The data must be reproduced verbatim; images are to be omitted.

[DATA — start]

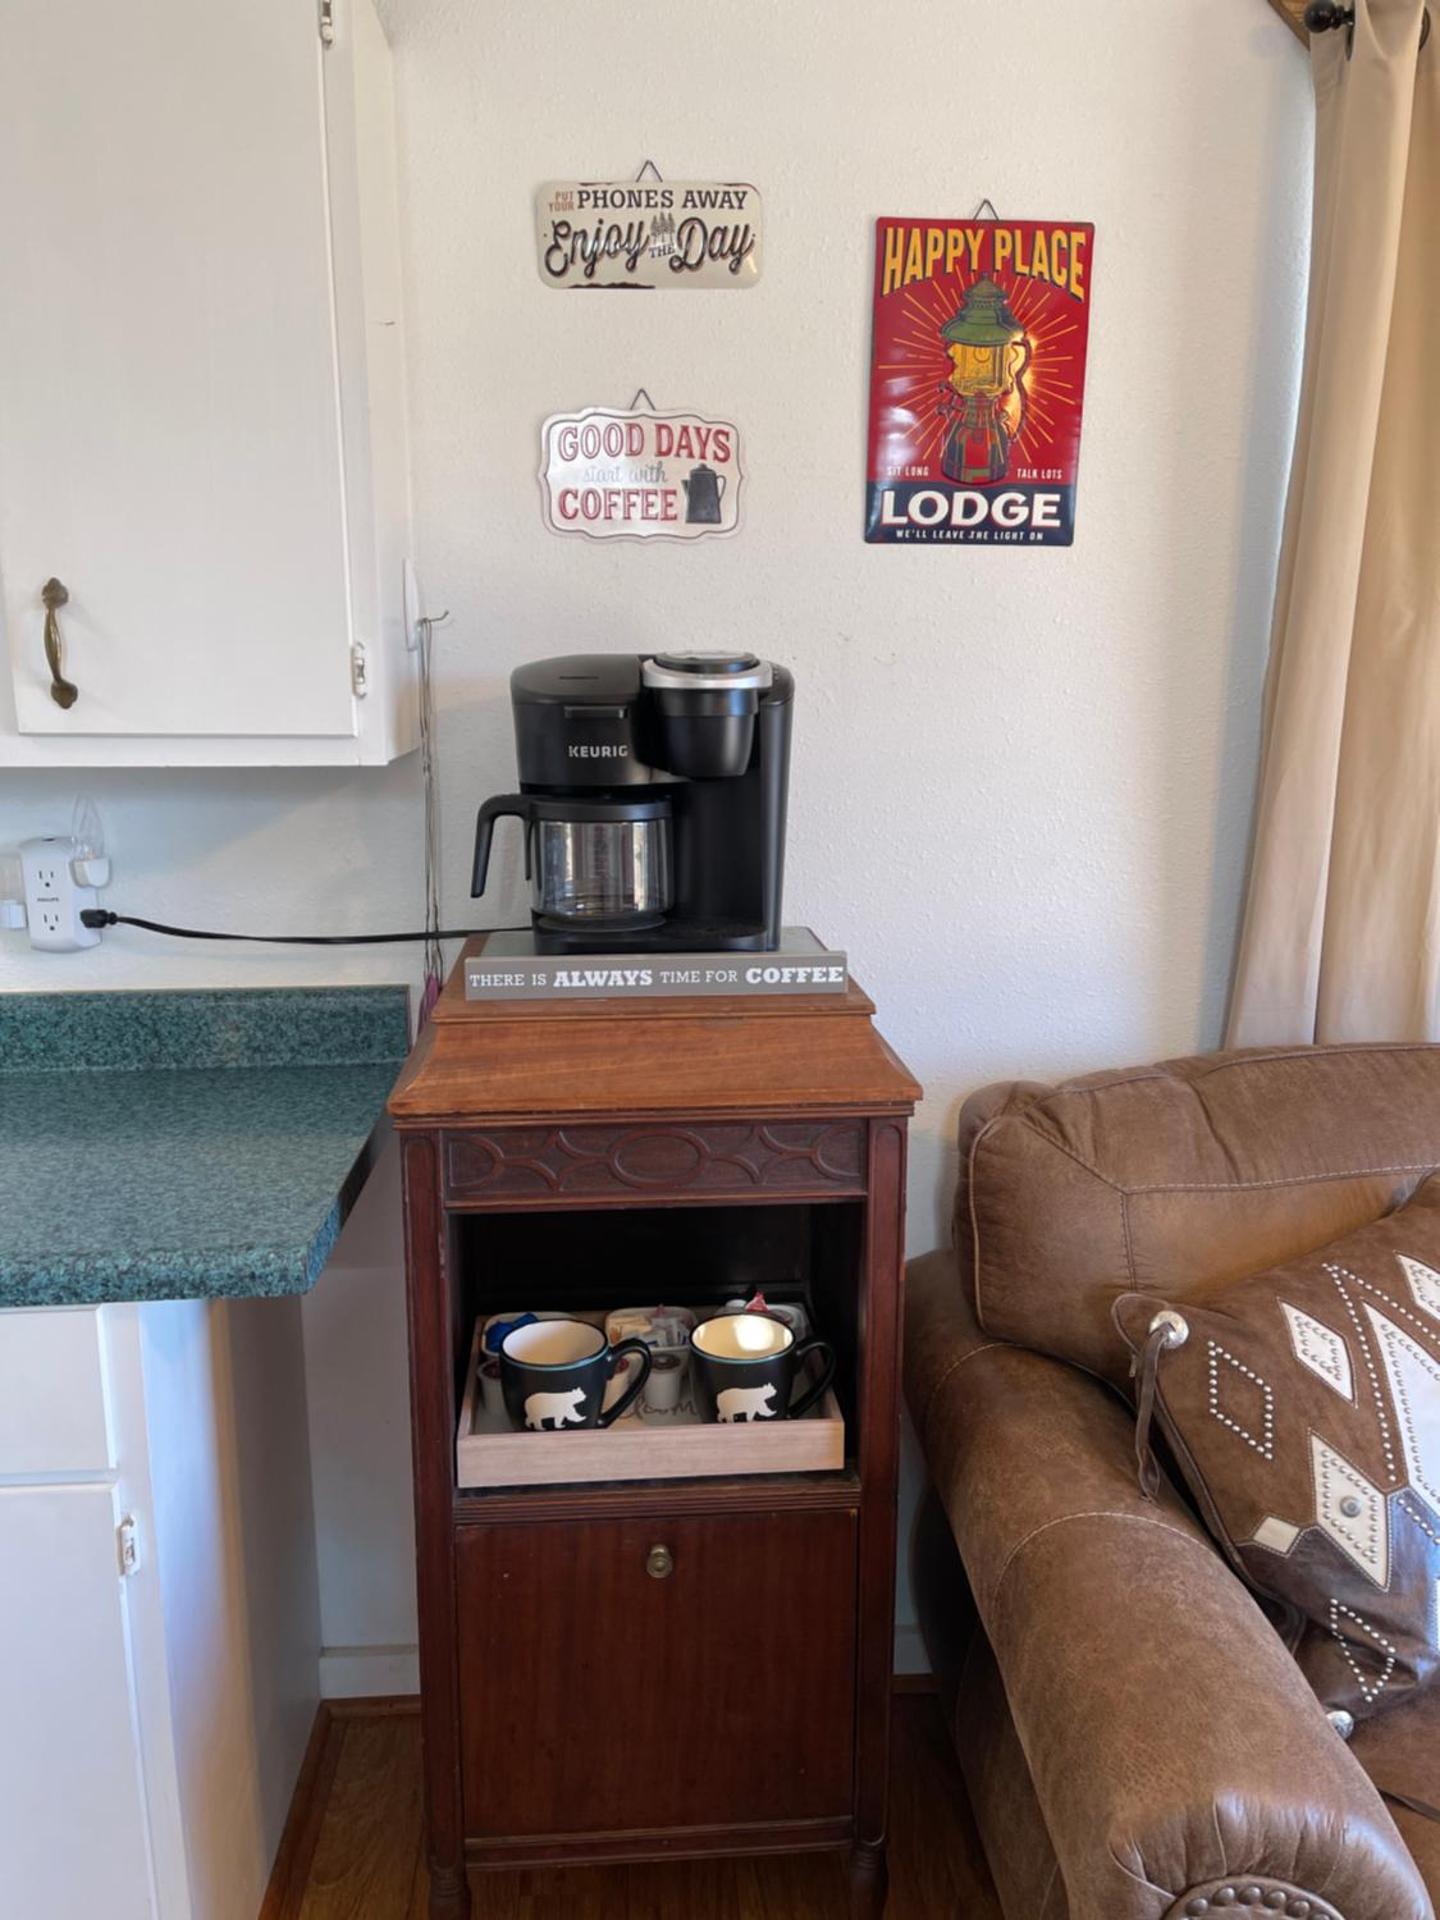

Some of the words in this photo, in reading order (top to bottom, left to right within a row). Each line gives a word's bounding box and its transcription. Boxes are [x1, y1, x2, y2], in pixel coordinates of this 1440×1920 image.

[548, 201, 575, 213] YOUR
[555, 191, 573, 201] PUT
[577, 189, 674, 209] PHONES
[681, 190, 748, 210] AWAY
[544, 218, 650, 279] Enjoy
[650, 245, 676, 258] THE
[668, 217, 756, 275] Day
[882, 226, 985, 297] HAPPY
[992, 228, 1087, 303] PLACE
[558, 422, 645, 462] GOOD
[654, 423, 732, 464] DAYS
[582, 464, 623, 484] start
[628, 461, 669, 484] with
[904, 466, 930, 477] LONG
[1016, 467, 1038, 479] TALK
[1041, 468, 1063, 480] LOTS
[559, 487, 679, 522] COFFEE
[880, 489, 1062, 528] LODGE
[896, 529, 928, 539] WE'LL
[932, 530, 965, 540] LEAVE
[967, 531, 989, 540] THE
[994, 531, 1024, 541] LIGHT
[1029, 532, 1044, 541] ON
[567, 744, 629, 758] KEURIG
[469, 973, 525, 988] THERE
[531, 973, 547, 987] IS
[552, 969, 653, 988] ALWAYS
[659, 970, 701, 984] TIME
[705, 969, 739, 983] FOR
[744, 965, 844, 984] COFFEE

[DATA — finish]

WRITTEN REPLY:
Some of the words in this photo, in reading order (top to bottom, left to right within a row). Each line gives a word's bounding box and its transcription. Boxes are [x1, y1, x2, y2], in pixel coordinates of this 1440×1920 image.

[548, 201, 575, 213] YOUR
[555, 191, 573, 201] PUT
[577, 189, 674, 209] PHONES
[681, 190, 748, 210] AWAY
[544, 218, 650, 279] Enjoy
[650, 245, 676, 258] THE
[668, 217, 756, 275] Day
[882, 226, 985, 297] HAPPY
[992, 228, 1087, 303] PLACE
[558, 422, 645, 462] GOOD
[654, 423, 732, 464] DAYS
[582, 464, 623, 484] start
[628, 461, 669, 484] with
[904, 466, 930, 477] LONG
[1016, 467, 1038, 479] TALK
[1041, 468, 1063, 480] LOTS
[559, 487, 679, 522] COFFEE
[880, 489, 1062, 528] LODGE
[896, 529, 928, 539] WE'LL
[932, 530, 965, 540] LEAVE
[967, 531, 989, 540] THE
[994, 531, 1024, 541] LIGHT
[1029, 532, 1044, 541] ON
[567, 744, 629, 758] KEURIG
[469, 973, 525, 988] THERE
[531, 973, 547, 987] IS
[552, 969, 653, 988] ALWAYS
[659, 970, 701, 984] TIME
[705, 969, 739, 983] FOR
[744, 965, 844, 984] COFFEE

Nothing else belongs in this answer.